• _Work required_: Leaving out all pictures, retype the records exactly.

• _Source information_:
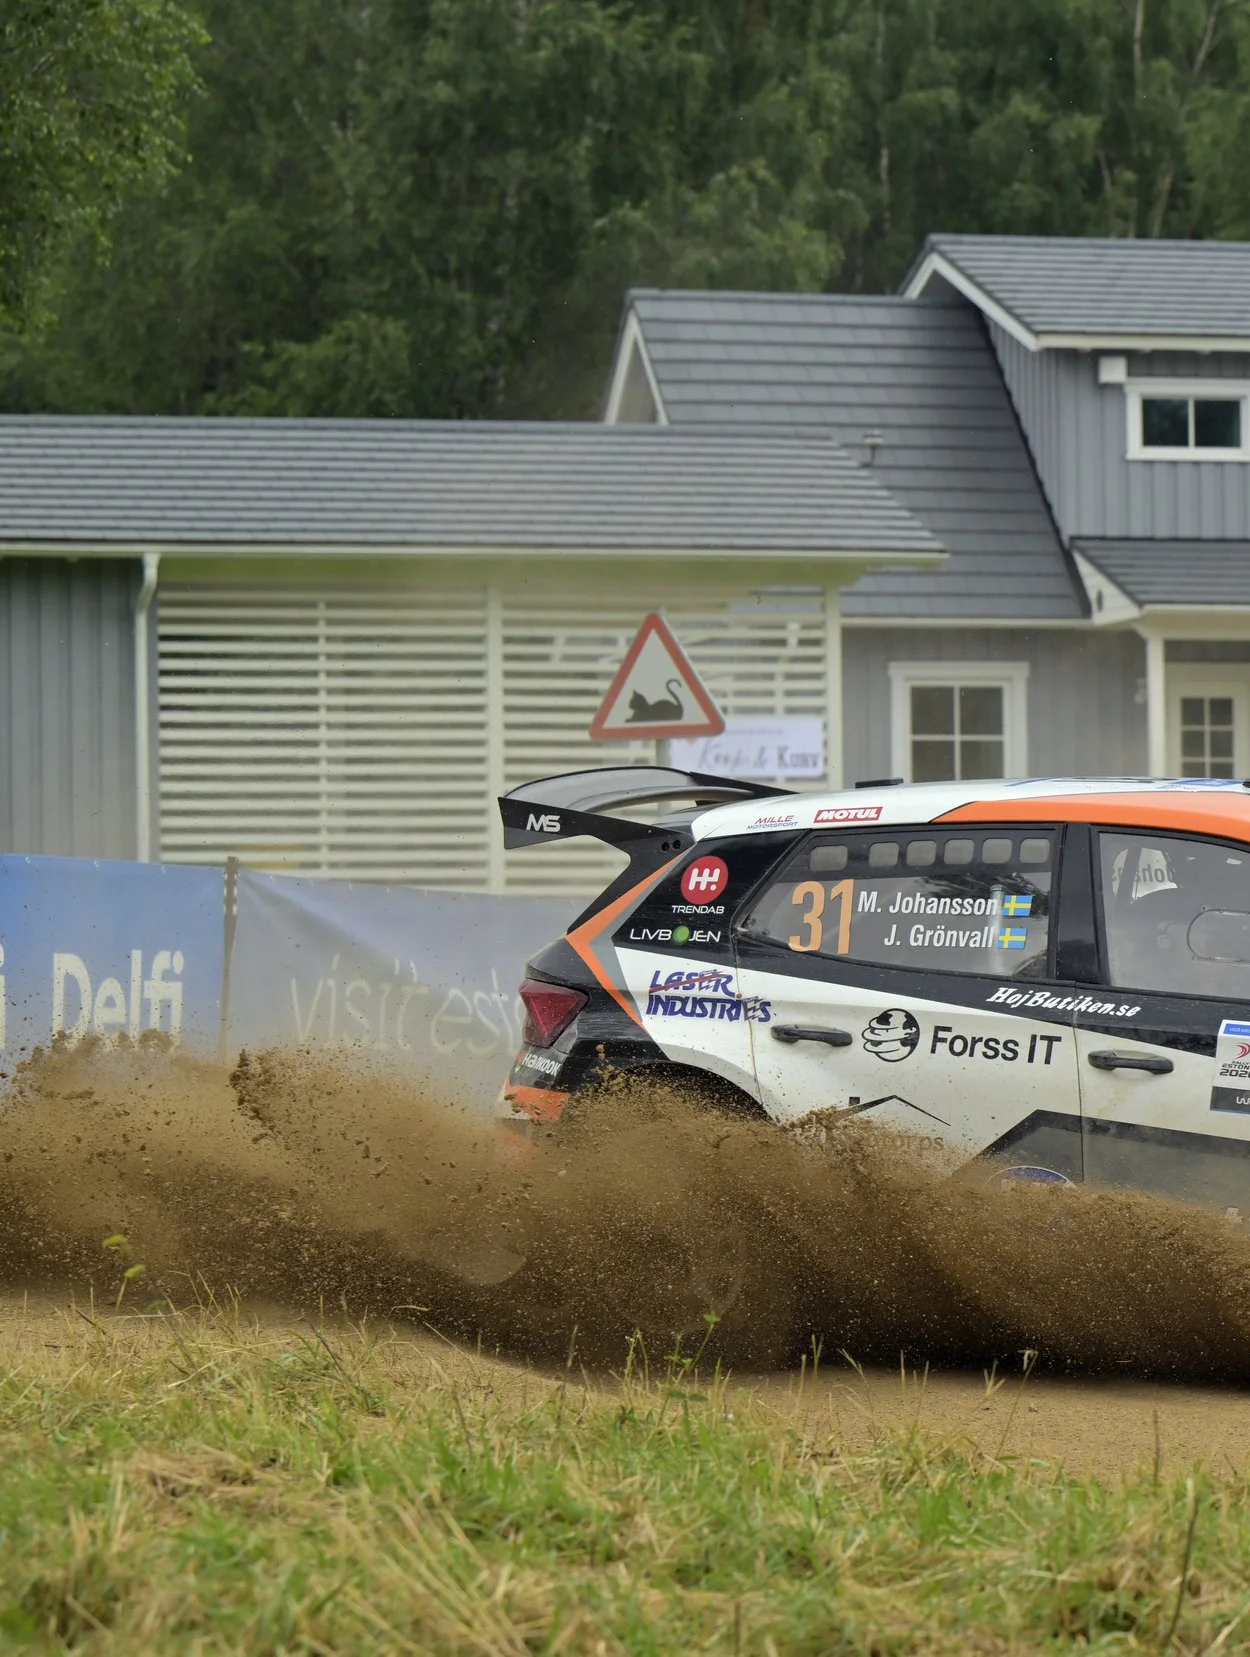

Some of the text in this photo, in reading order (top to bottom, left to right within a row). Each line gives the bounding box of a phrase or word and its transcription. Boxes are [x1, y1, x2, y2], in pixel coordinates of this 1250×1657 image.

[526, 813, 561, 833] MS
[747, 821, 798, 830] MOTORSPORT
[755, 815, 794, 824] MILLE
[815, 808, 879, 821] MOTUL
[671, 904, 725, 915] TRENDAB
[858, 891, 998, 916] M. Johansson
[788, 879, 855, 955] 31
[884, 923, 995, 948] J. Grönvall
[650, 969, 736, 998] LASER
[52, 949, 184, 1052] Delfi
[290, 952, 430, 1050] visit
[646, 995, 771, 1022] INDUSTRIES
[985, 987, 1141, 1017] HojButiken.se
[930, 1025, 1062, 1065] Forss IT

• _Answer to this task_:
Some of the text in this photo, in reading order (top to bottom, left to right within a row). Each line gives the bounding box of a phrase or word and its transcription. Boxes are [x1, y1, x2, y2], in pixel coordinates of this 1250×1657 image.

[526, 813, 561, 833] MS
[747, 821, 798, 830] MOTORSPORT
[755, 815, 794, 824] MILLE
[815, 808, 879, 821] MOTUL
[671, 904, 725, 915] TRENDAB
[858, 891, 998, 916] M. Johansson
[788, 879, 855, 955] 31
[884, 923, 995, 948] J. Grönvall
[650, 969, 736, 998] LASER
[52, 949, 184, 1052] Delfi
[290, 952, 430, 1050] visit
[646, 995, 771, 1022] INDUSTRIES
[985, 987, 1141, 1017] HojButiken.se
[930, 1025, 1062, 1065] Forss IT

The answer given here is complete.